Conquistatore della Spagna, dell'Africa e dell'Asia Minore, Publio Cornelio Scipione Africano fu più di ogni altro l'artefice della supremazia mondiale di Roma.
La grande simpatia che la gente provava per lui e le eccellenti capacità militari gli procurarono nel 210 a.C. un comando proconsolare in Spagna, straordinario e senza precedenti, sebbene avesse solo 26 anni e fosse un privatus (cittadino privato). Nel 206 aveva già scacciato dalla Spagna i cartaginesi e saldamente affermato il dominio romano in questo paese. Gli anni trascorsi in Spagna videro Scipione affermarsi come grande genio militare e capo carismatico. L'esercito aveva raggiunto con il suo addestramento un tale grado di professionalità e di resistenza che gli fu facile sopraffare Annibale e riportare immediatamente due brillanti vittorie a Baecula (208) e a Ilipa (206).

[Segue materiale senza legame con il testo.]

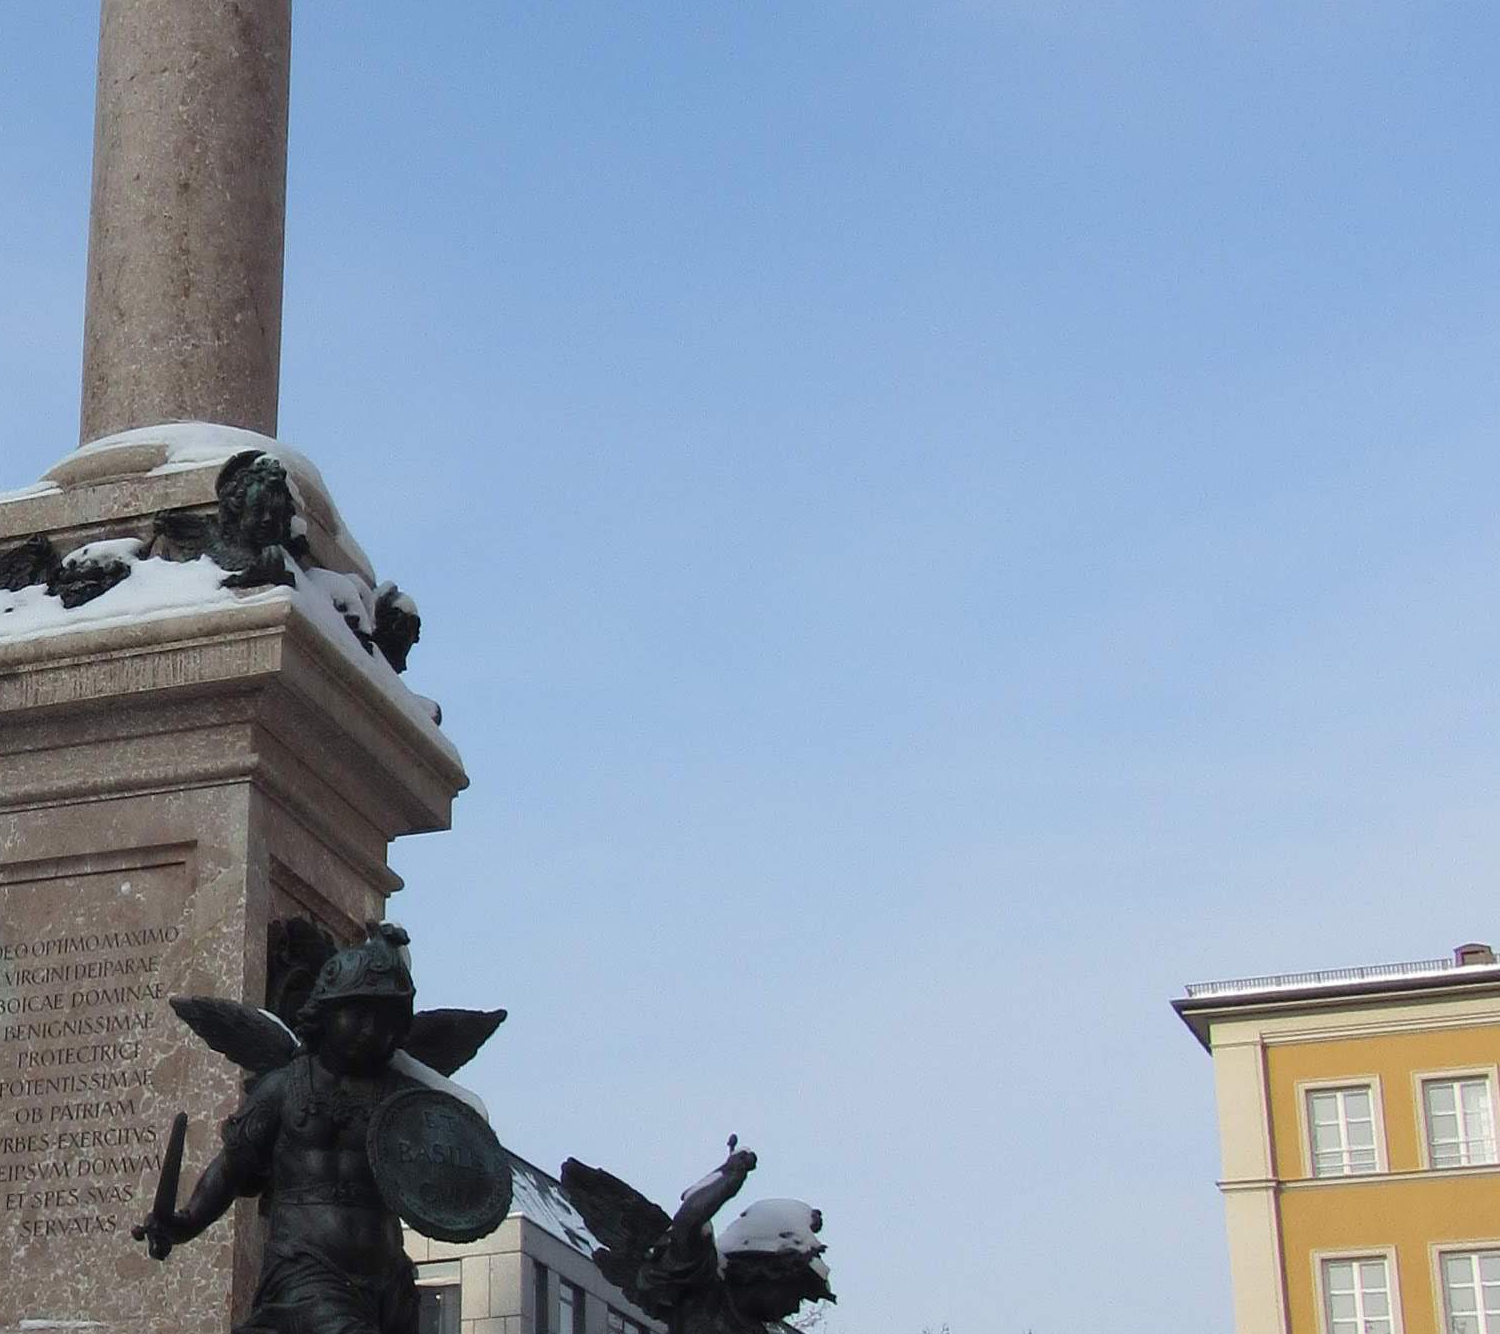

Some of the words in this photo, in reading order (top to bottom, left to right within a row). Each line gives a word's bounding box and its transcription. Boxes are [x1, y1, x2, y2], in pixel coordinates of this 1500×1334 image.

[31, 934, 99, 959] OPTIMO
[99, 925, 180, 951] MAXIMO
[4, 964, 74, 988] VIRGINI
[74, 955, 160, 980] DEIPARAE
[71, 982, 165, 1009] DOMINAE
[4, 1012, 155, 1043] BENIGNISSIMAE
[0, 1068, 154, 1098] POTENTISSIMAE
[14, 1108, 43, 1126] OB
[50, 1098, 136, 1122] PATRIAM
[77, 1154, 162, 1179] DOMVM
[6, 1192, 26, 1211] ET
[30, 1187, 80, 1210] SPES
[85, 1184, 134, 1206] SVAS
[19, 1214, 118, 1239] SERVATAS

Il fascino della sua personalità e l'abilità diplomatica gli assicurarono la collaborazione dei comandanti locali, che lo onorarono come un re.
Questa collaborazione fu essenziale per vincere la guerra in Spagna ed egli trasse grande vantaggio dai rapporti già instaurati dal padre, Publio Cornelio Scipione, negli anni prima del 211 a.C. Scipione ottenne anche fedeltà e devozione da parte dei legionari, tra i quali si era sparsa la fama che il loro generale fosse favorito degli dei, specialmente dopo il riflusso di marea, apparentemente miracoloso, che lo aiutò a conquistare Carthago Nova (209).

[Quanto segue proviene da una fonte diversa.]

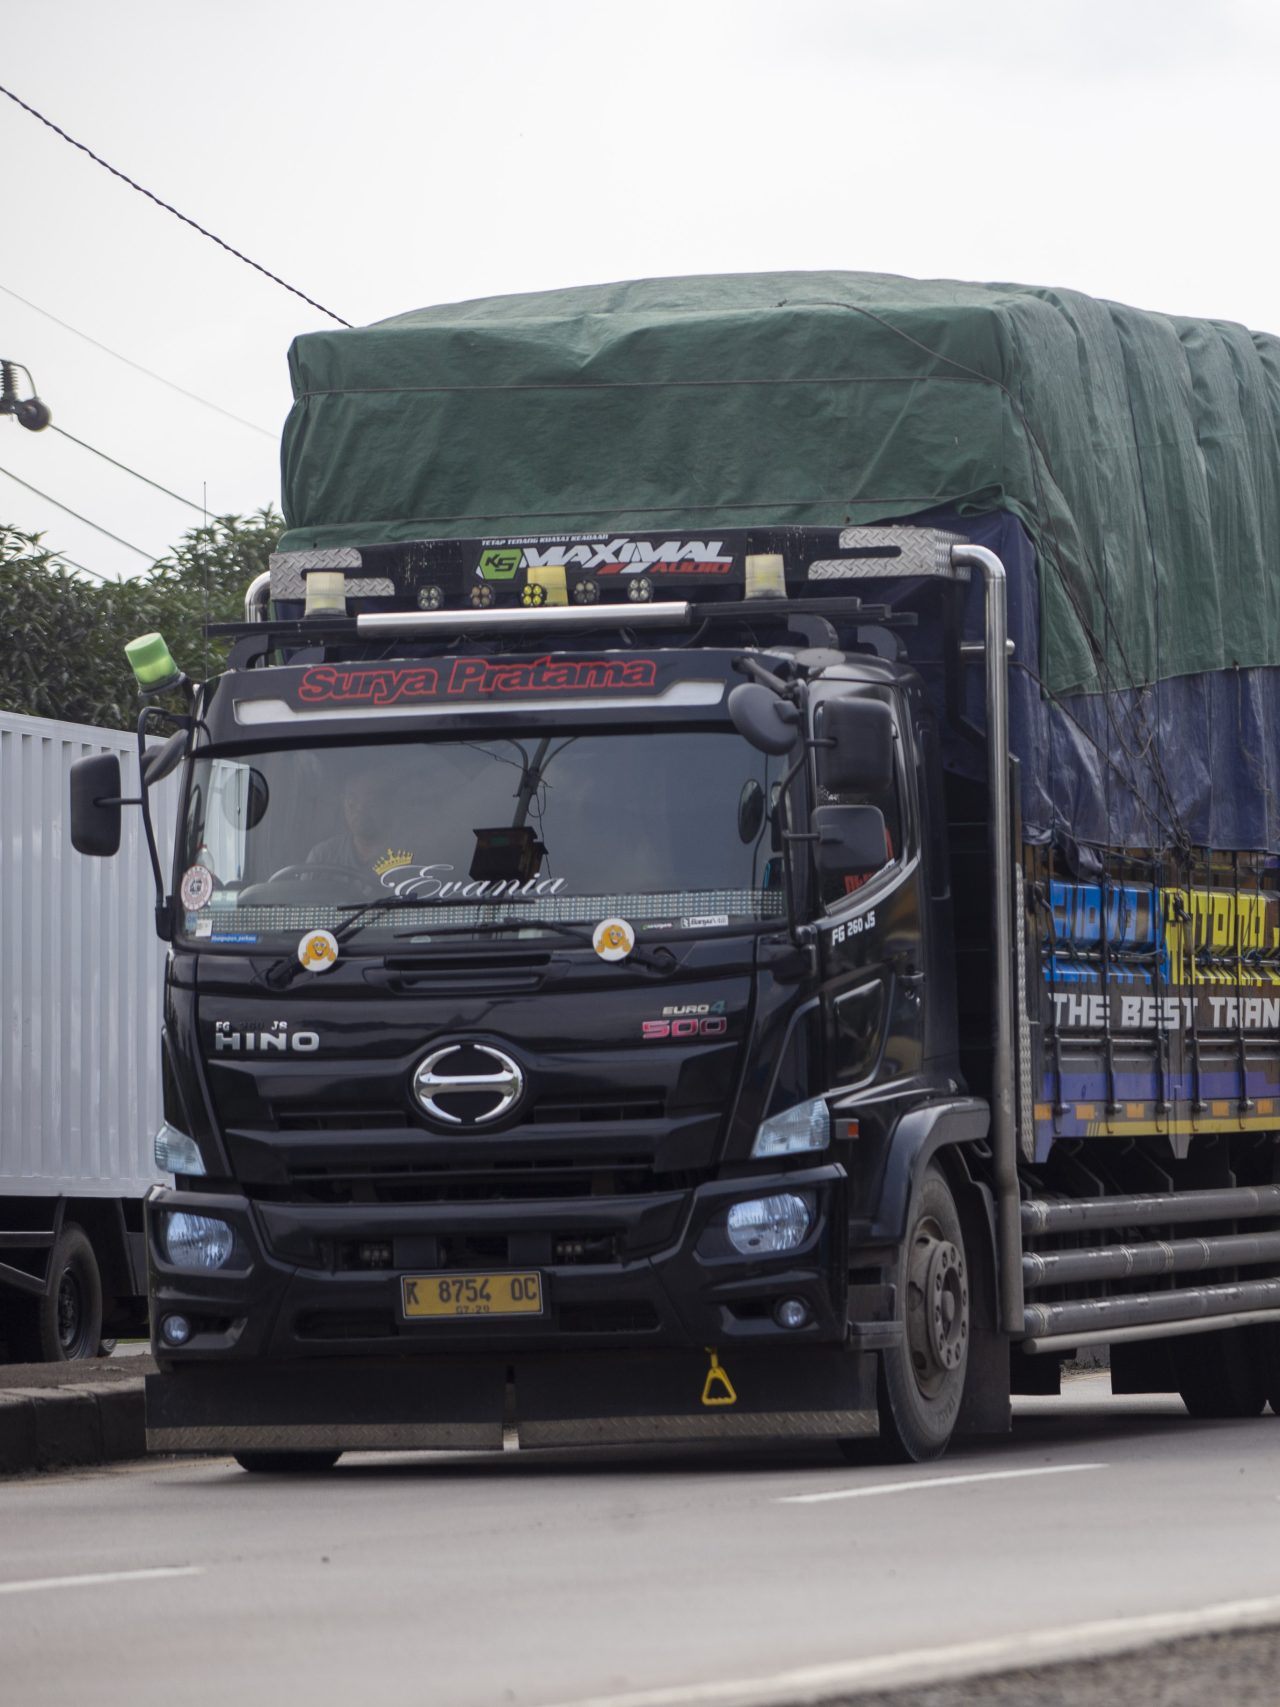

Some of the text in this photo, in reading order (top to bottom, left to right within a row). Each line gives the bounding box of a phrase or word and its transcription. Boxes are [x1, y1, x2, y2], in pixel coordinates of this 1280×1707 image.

[571, 534, 609, 542] KEADAAN
[519, 538, 733, 572] MAXIMAL
[651, 562, 732, 575] AUDIO
[299, 656, 657, 705] Surya Pratama
[380, 863, 569, 900] Evania
[832, 910, 876, 947] FG 260 JS
[1048, 992, 1110, 1028] THE
[1121, 995, 1199, 1030] BEST
[215, 1021, 231, 1032] FG
[642, 1017, 727, 1039] 500
[215, 1031, 320, 1052] HINO
[405, 1281, 419, 1306] K
[438, 1278, 492, 1303] 8754

Tornato a Roma e accolto come un eroe, Scipione si adoperò per realizzare la sua ambiziosa strategia di concludere la guerra in Africa con la sconfitta definitiva di Cartagine. Ma si scontrò con l'opposizione dell'ala conservatrice del Senato, capeggiata da Fabio Cunctator, che sosteneva che Annibale dovesse essere battuto in Italia e non in Africa. Con la minaccia che avrebbe scavalcato il consenso del Senato e si sarebbe appellato al popolo, Scipione si assicurò l'Africa come teatro di operazioni. L'ostruzionismo del Senato gli impedì di arruolare truppe, ma con il suo prestigio e il suo fascino personale si procurò un numero sufficiente di volontari per la campagna africana.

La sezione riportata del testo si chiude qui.